### Task brief
Each record that follows should be duplicated exactly, except for its pictures.
[[ Input records open ]]
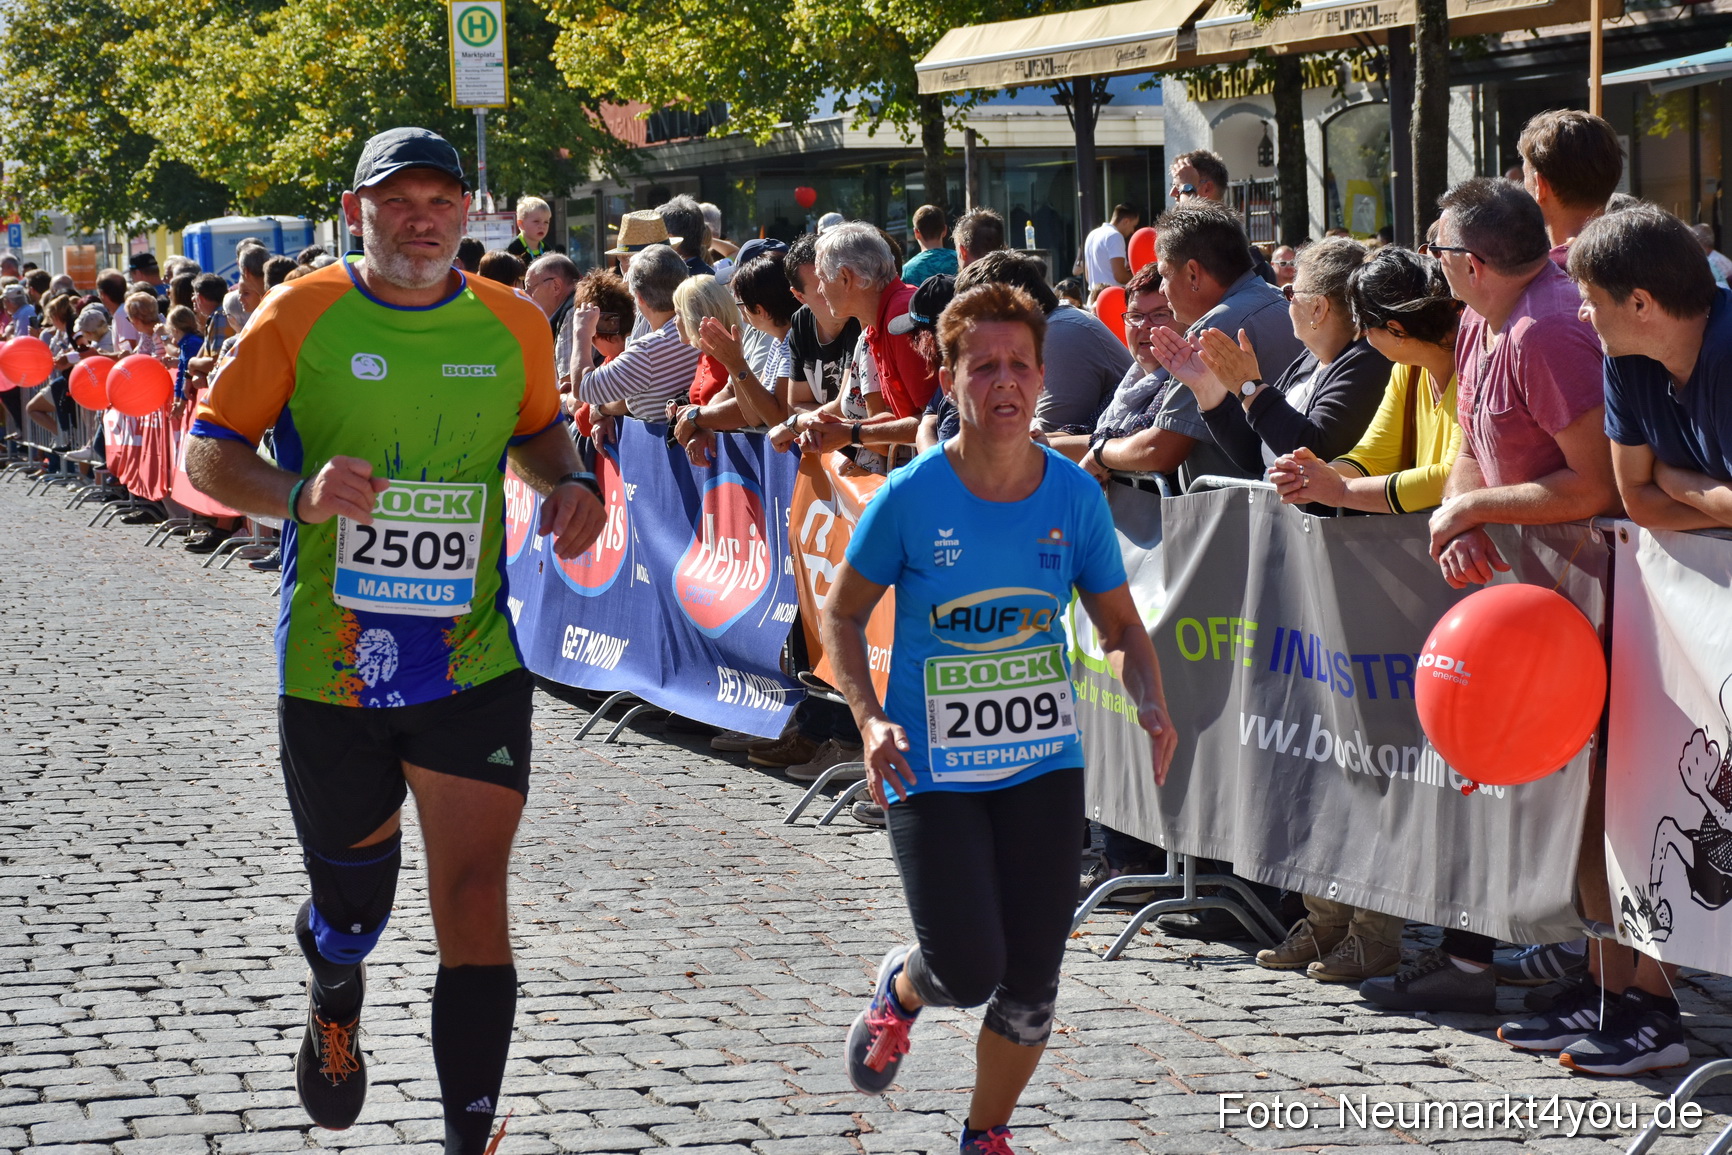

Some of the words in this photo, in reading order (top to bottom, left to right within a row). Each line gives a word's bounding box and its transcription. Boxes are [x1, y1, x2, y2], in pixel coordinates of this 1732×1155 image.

[462, 51, 495, 59] Marktplatz
[442, 364, 497, 377] BOCK
[504, 478, 532, 534] ervis
[352, 524, 466, 571] 2509
[684, 513, 766, 600] Hervis
[934, 539, 960, 547] erima
[357, 578, 455, 601] MARKUS
[683, 585, 718, 606] SPORTS
[562, 624, 589, 661] GET
[716, 665, 742, 705] GET
[936, 651, 1060, 691] BOCK
[1433, 670, 1469, 686] energie
[1090, 677, 1099, 711] by
[946, 692, 1059, 739] 2009
[945, 741, 1064, 767] STEPHANIE
[466, 1105, 493, 1114] adidas
[[ Input records closed ]]
### Task result
Some of the words in this photo, in reading order (top to bottom, left to right within a row). Each line gives a word's bounding box and its transcription. Boxes are [x1, y1, x2, y2], in pixel coordinates of this 1732×1155 image.

[462, 51, 495, 59] Marktplatz
[442, 364, 497, 377] BOCK
[504, 478, 532, 534] ervis
[352, 524, 466, 571] 2509
[684, 513, 766, 600] Hervis
[934, 539, 960, 547] erima
[357, 578, 455, 601] MARKUS
[683, 585, 718, 606] SPORTS
[562, 624, 589, 661] GET
[716, 665, 742, 705] GET
[936, 651, 1060, 691] BOCK
[1433, 670, 1469, 686] energie
[1090, 677, 1099, 711] by
[946, 692, 1059, 739] 2009
[945, 741, 1064, 767] STEPHANIE
[466, 1105, 493, 1114] adidas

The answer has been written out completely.